Die Ablehnung der Ecopop-Initiative habe sicher innenpolitische Folgen, ist der Freiburger Ständerat überzeugt. «Bei den Massnahmen wie Raumplanung oder Mobilitätsfragen wird es sicher einen Einfluss haben.» Zwar könne er nicht beurteilen, wie das Nein zu Ecopop europäisch beachtet werde.

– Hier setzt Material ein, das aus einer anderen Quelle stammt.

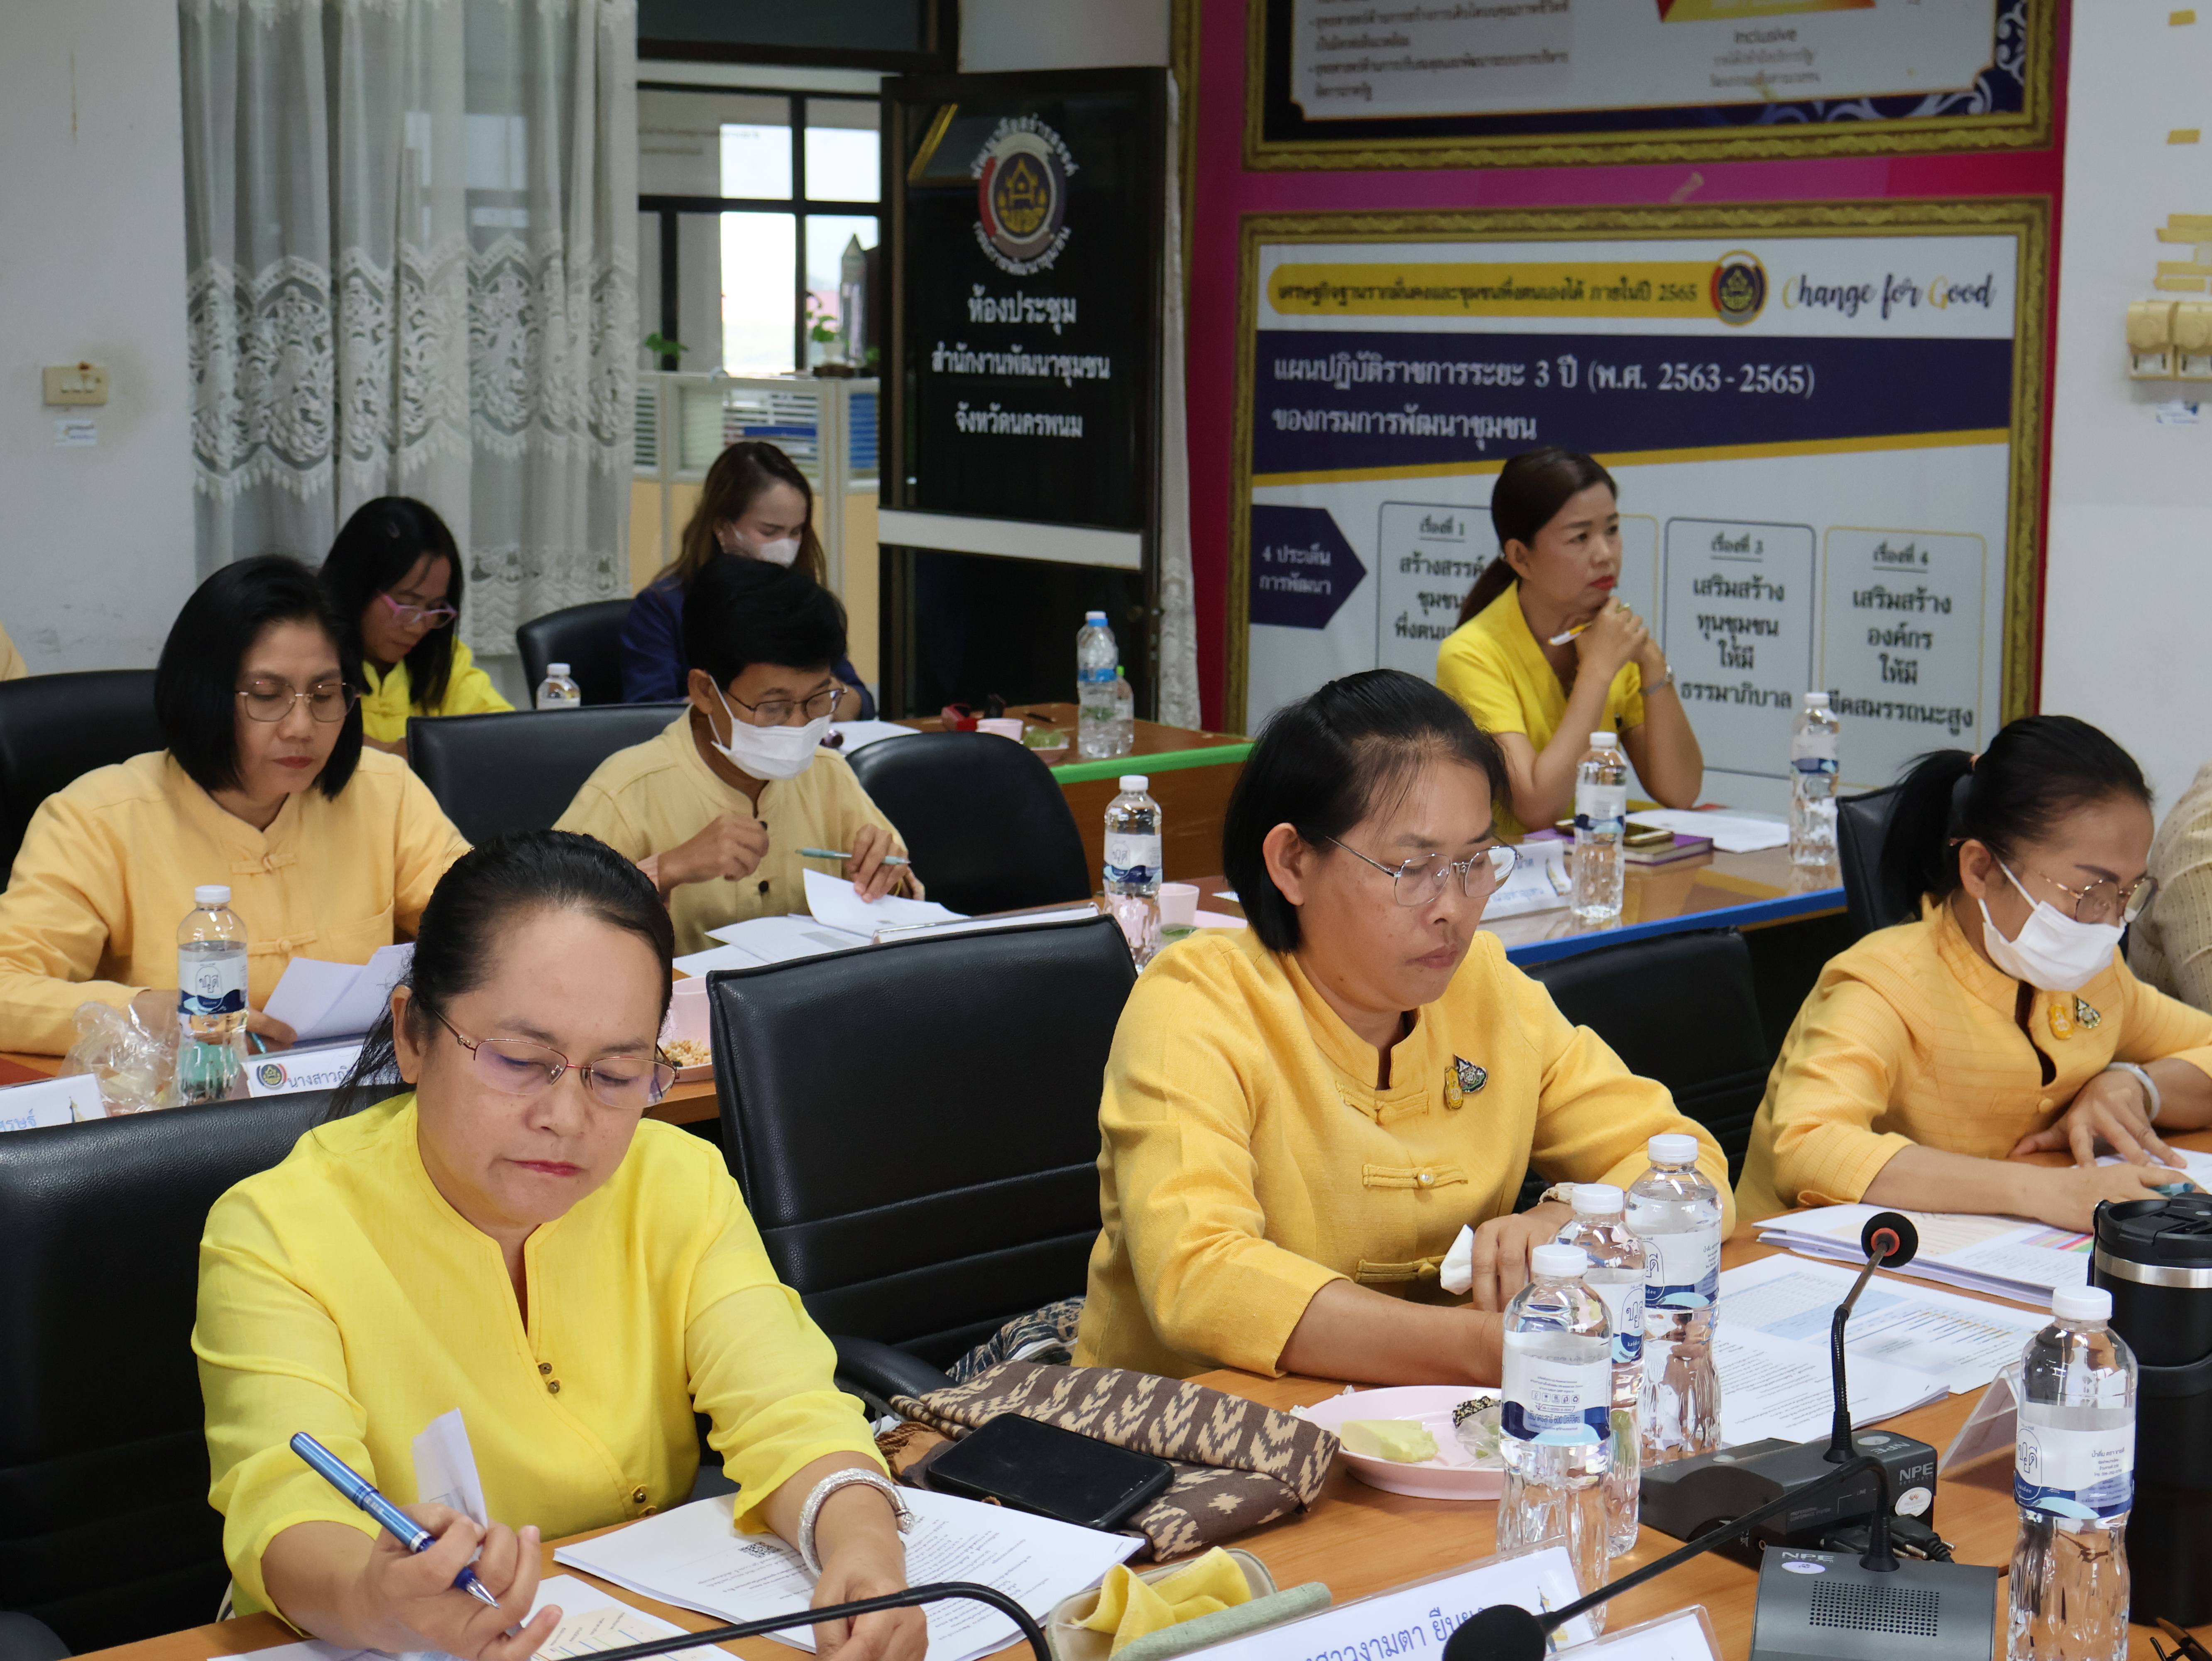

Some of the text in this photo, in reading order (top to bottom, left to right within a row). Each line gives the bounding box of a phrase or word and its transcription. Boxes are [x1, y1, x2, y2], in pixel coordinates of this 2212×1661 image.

[1657, 284, 1697, 302] 2565
[1782, 272, 1994, 320] Change for Good
[968, 283, 1077, 335] ห้องประชุม
[932, 341, 1111, 388] สำนักงานพัฒนาชุมชน
[1274, 351, 1527, 390] แผนปฏิบัติราชการระยะ
[1535, 360, 1549, 387] 3
[1559, 355, 1578, 387] ปี
[1588, 361, 1647, 394] (พ.ศ.
[955, 401, 1082, 437] จังหวัดนครพนม
[1272, 404, 1537, 451] ของกรมการพัฒนาชุมชน
[1419, 514, 1465, 536] เรื่องที่ 1
[1262, 542, 1331, 566] 4 ประเด็น
[1711, 531, 1763, 554] เรื่องที่ 3
[1873, 539, 1929, 566] เรื่องที่ 4
[1259, 572, 1331, 595] การพัฒนา
[1692, 574, 1785, 602] เสริมสร้าง
[1852, 584, 1952, 615] เสริมสร้าง
[1697, 612, 1779, 642] ทุนชุมชน
[1867, 622, 1933, 650] องค์กร
[1718, 639, 1754, 669] ให้มี
[1879, 653, 1917, 685] ให้มี
[1680, 679, 1792, 709] ธรรมาภิบาล
[1554, 1415, 1562, 1424] 600
[1870, 1442, 1910, 1454] NPE
[2092, 1449, 2105, 1458] น้ำดื่ม
[1899, 1462, 1934, 1481] NPE
[1781, 1551, 1835, 1561] NPE
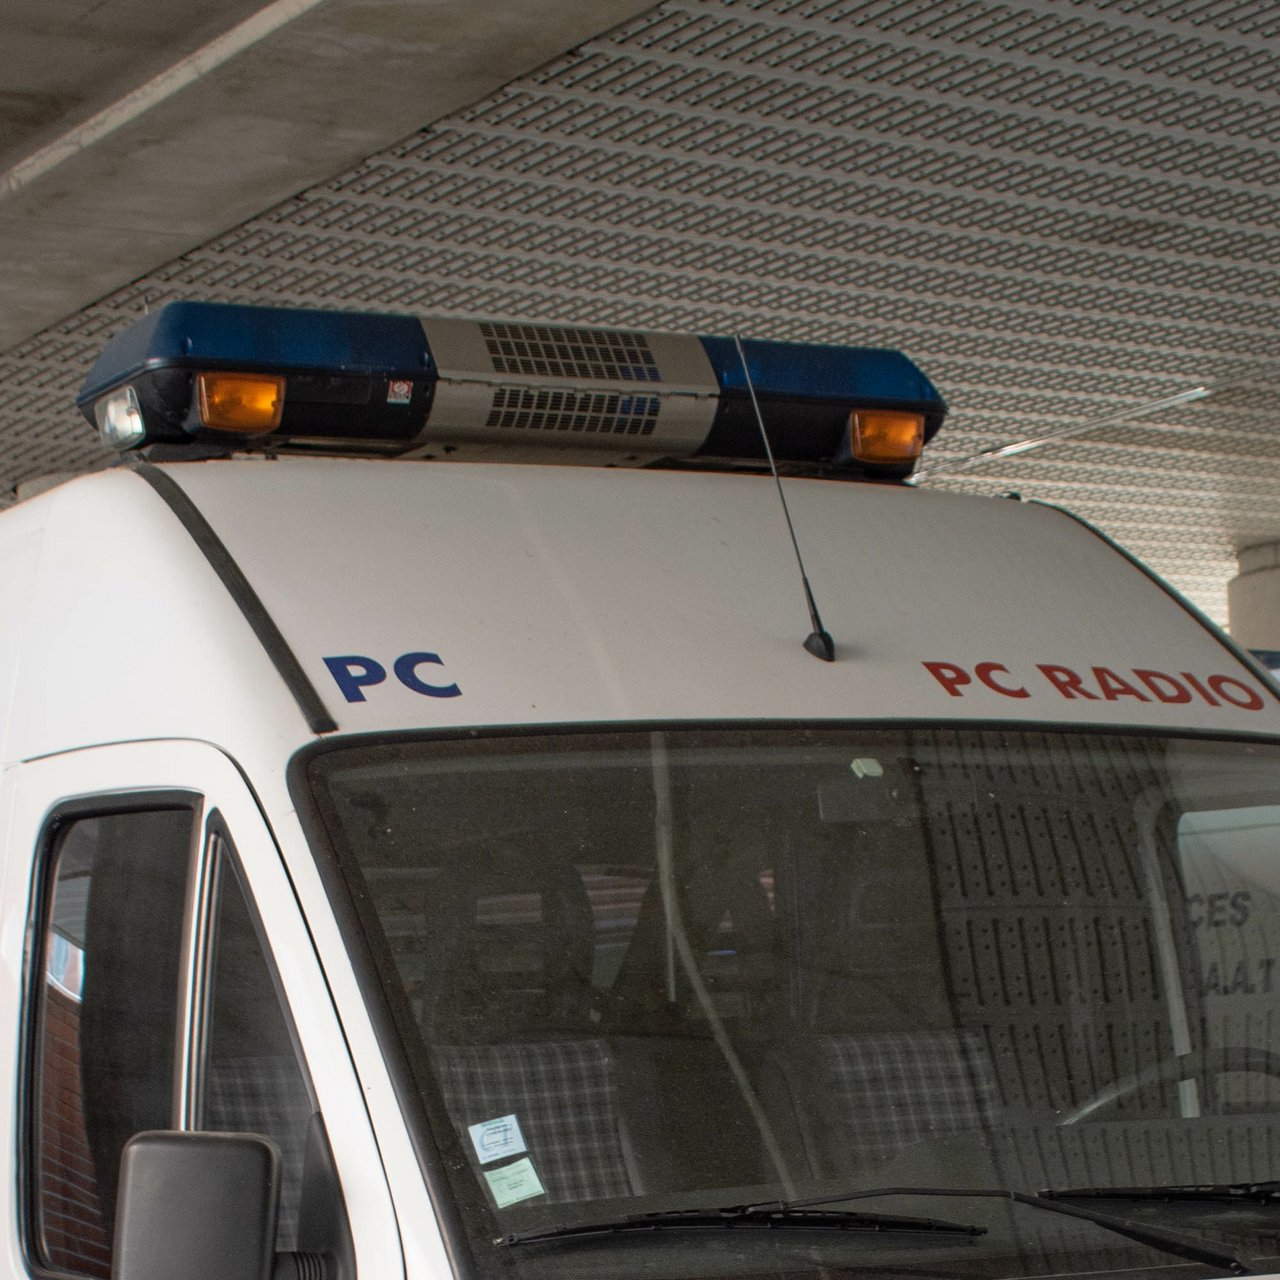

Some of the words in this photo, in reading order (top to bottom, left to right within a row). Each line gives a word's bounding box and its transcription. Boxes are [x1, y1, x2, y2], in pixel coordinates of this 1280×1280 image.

[323, 651, 462, 703] PC
[923, 661, 1030, 700] PC
[1035, 663, 1266, 713] RADIO

Trotzdem ist sich Schwaller sicher: «Das Nein stärkt dem Bundesrat den Rücken wenn er in die Diskussionen und Verhandlungen einstiegt.»
Die Landesregierung müsse nun rasch mit Lösungsvorschlägen kommen. «Sonst überlassen wir das Feld wieder jenen, die die Frage der Zuwanderung bloss bewirtschaften, sie aber nicht lösen wollen.» Die Strategie dieser Kreise sei es, bei den Wahlen im Herbst 2015 mit dem Thema Zuwanderung Stimmen zu holen, so Schwaller.
Für seinen Zuger Parteikollegen Gerhard Pfister zeigt das Nein zu Ecopop: «Starre Kontingente werden klar von einer deutlichen Mehrheit der Schweizer abgelehnt.» Der CVP-Ständerat warnt aber davor, dass man das Nein zu Ecopop gegen das Ja zur Masseneinwanderungs-Initiative ausspielt. Bei letzterer sei man gehalten, einen Volksentscheid zu akzeptieren – aber nicht so, wie das jetzt Ecopop wollte.
Volk will keine radikale Politik
Erleichterung auch auf Seiten der SP: «Ich habe nicht geglaubt, dass eine so deutliche Ablehnung der Initiative möglich ist in diesem Land», sagt Nationalrat Andy Tschümperlin. Das Volk wolle keine radikale Immigrationspolitik, die Leute wollten keine radikalen Beschränkungen der Einwanderung, wie es Ecopop gefordert hatte.
Es gehe nun darum, die Masseneinwanderungs-Inititiative vom Februar umzusetzen, betont SVP-Nationalrätin Nadja Pieren. Auch ihre Partei war bekanntlich gegen Ecopop. Die Zuwanderung müsse wieder kontrolliert werden ist für Pieren klar. Dazu sei ein Kontingentssystem einzuführen, wie dies die SVP-Initiative vorsehe: «Das Volk sagte ja zur Masseneinwanderungs-Inititiave, es will eine kontrollierte Zuwanderung», so Pieren.
Bald eine Abstimmung über Bilaterale?
Anders sieht das SP-Mann Tschümperlin. Für ihn ist wichtig, dass das Volk wieder Vertrauen in die Personenfreizügigkeit erhalte. Denn die Bevölkerung wolle die bilateralen Verträge mit der EU, aber nicht eine unkontrollierte Zuwanderung. Als Rezept dafür nennt er etwa eine Bildungsoffensive, damit «unsere Leute befähigt sind, die Aufgaben zu erfüllen, welche die Wirtschaft an sie stellt.»
Auch müssten die Löhne vor Dumping geschützt und ältere Arbeitnehmer im Arbeitsprozess behalten werden. «Sobald das Vertrauen da ist, wird die Bevölkerung auch die Personenfreizügigkeit wieder unterstützen», ist er überzeugt. Es werde schon bald zu einer neuen Abstimmung kommen, bei der es um die Frage gehen werde: Personenfreizügigkeit ja oder nein. Bis dann müsse das Vertrauen wiederhergestellt sein.